When Zendikar came out, calling Landfall a mechanic made a certain level of sense. WotC really hadn't explored this idea before and the permanents that were connected to not only other, unlike permanents but something as ubiquetous as land drops? Whoa. That was a big deal. On top of that; Landfall was a mechanic that ran through two sets so calling it out made sense, since players wouldn't see it in Rise of Eldrazi and have that repetition.

However, it wasn't as though players had zero experience with Enter the Battlefield effects and it certainly isn't as if Magic hasn't used ETB effects throughout its history. That isn't new!

So using a keyword for something that doesn't need it, in this case Constellation, does a whole host of things that are bad.

Why is this troublesome? First it just feels insulting. Players don't need their hands held for every little thing. Lands don't need text on them that say: Play only one of these per turn. Magic should be able to rely on certain pillars like; reading. 

Second; you have the issue of clutter, again. More things to remember, more keywords and it is for stuff that truly doesn't matter! The subpart of this clutter, talked about under the Reskinning part, is also there: now you have linked an atmosphere with a mechanic and WotC doesn't get to use it anywhere else, even in places where it would be outstanding!

Third: it's a step towards dumbing down mechanics. Turing the Untap symbol from Shadowmoor/Eventide into Inspire is a perfect example. Instead of a mechanic that looks like it is doing something, now you just have a triggered ability, so you're rewarded with candy for just breathing, instead of actively searching for interesting lines of play.

The reason all this stuff bothers me. Quite simply, it's that I get the sense that people at Wizards know and some other force is pushing the dominance of flavor over function.

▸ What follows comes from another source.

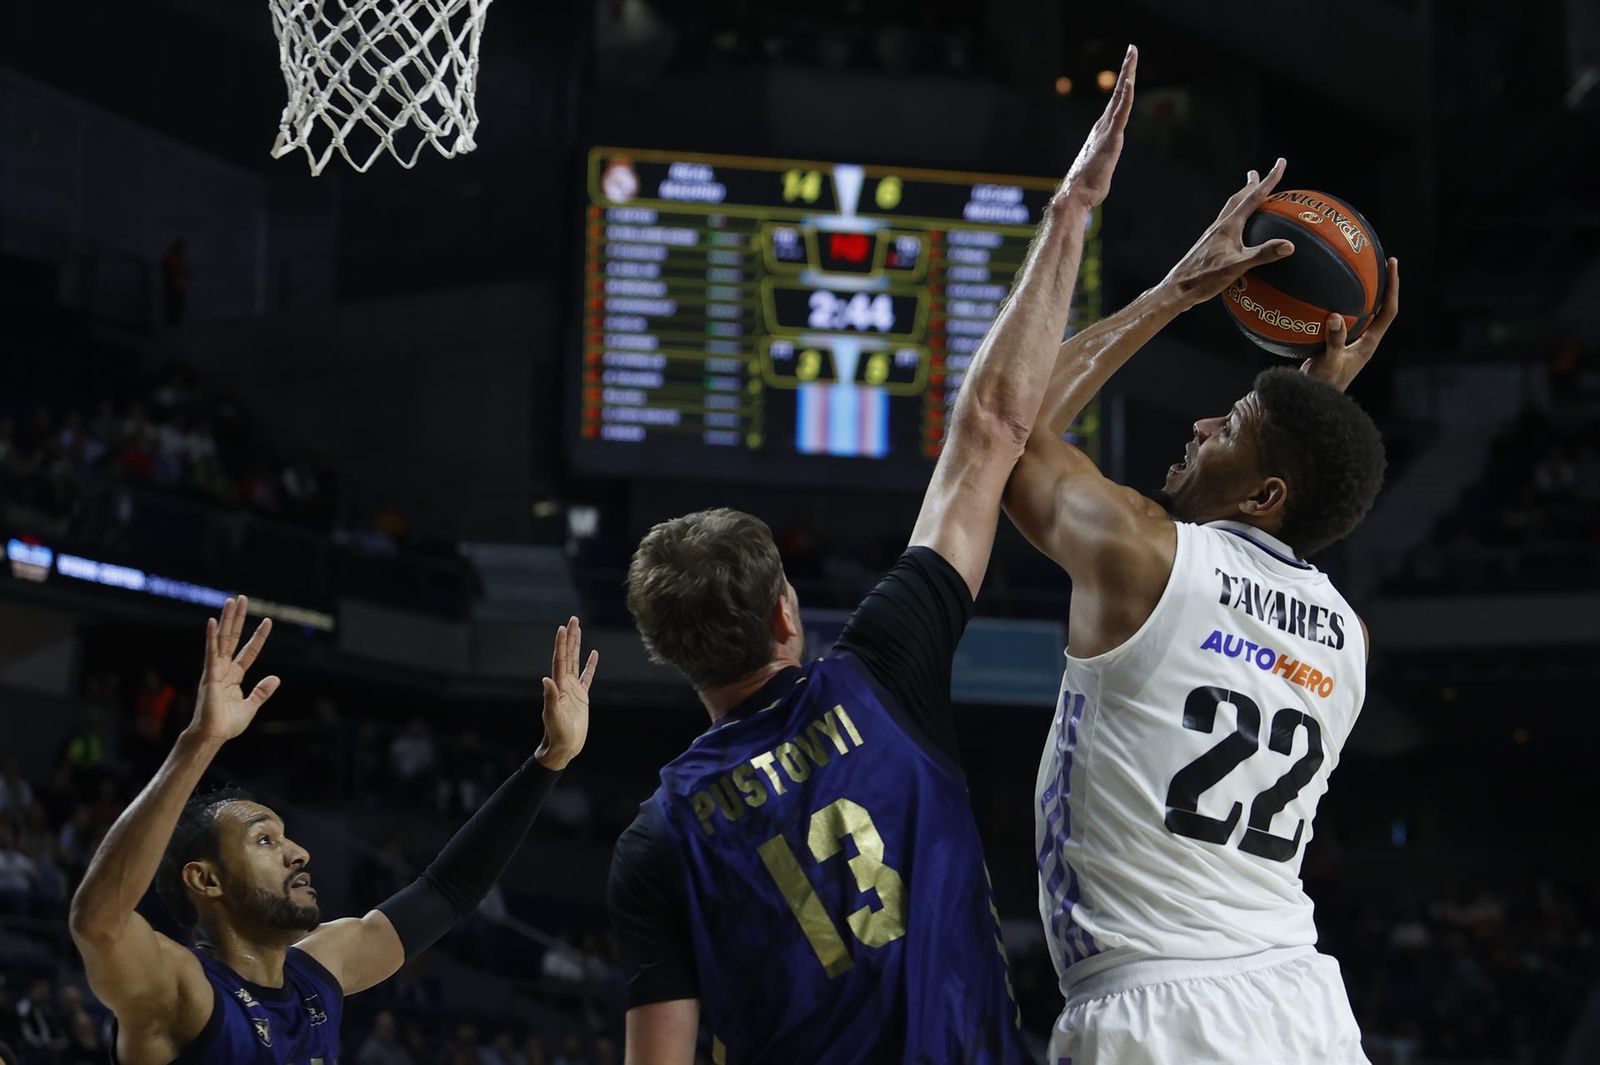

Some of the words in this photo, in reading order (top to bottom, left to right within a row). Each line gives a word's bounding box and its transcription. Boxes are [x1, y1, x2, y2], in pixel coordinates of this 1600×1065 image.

When reintroducing Chroma as Devotion, Mark Rosewater went through a whole host of reasons why Chroma didn't work, including player dissatisfaction. And he says, at one point:
When preparing this article I was talking with Erik Lauer, Theros's lead developer and Magic's head developer, about why chroma did so poorly. He had a simple answer: "The cards with it sucked."
Right. You know what players like? Cards that don't suck. We will figure everything else out!

So maybe instead of letting flavor get in the way of the game, let the game get in the way of the flavor. The game is your priority, the image of the game comes after that.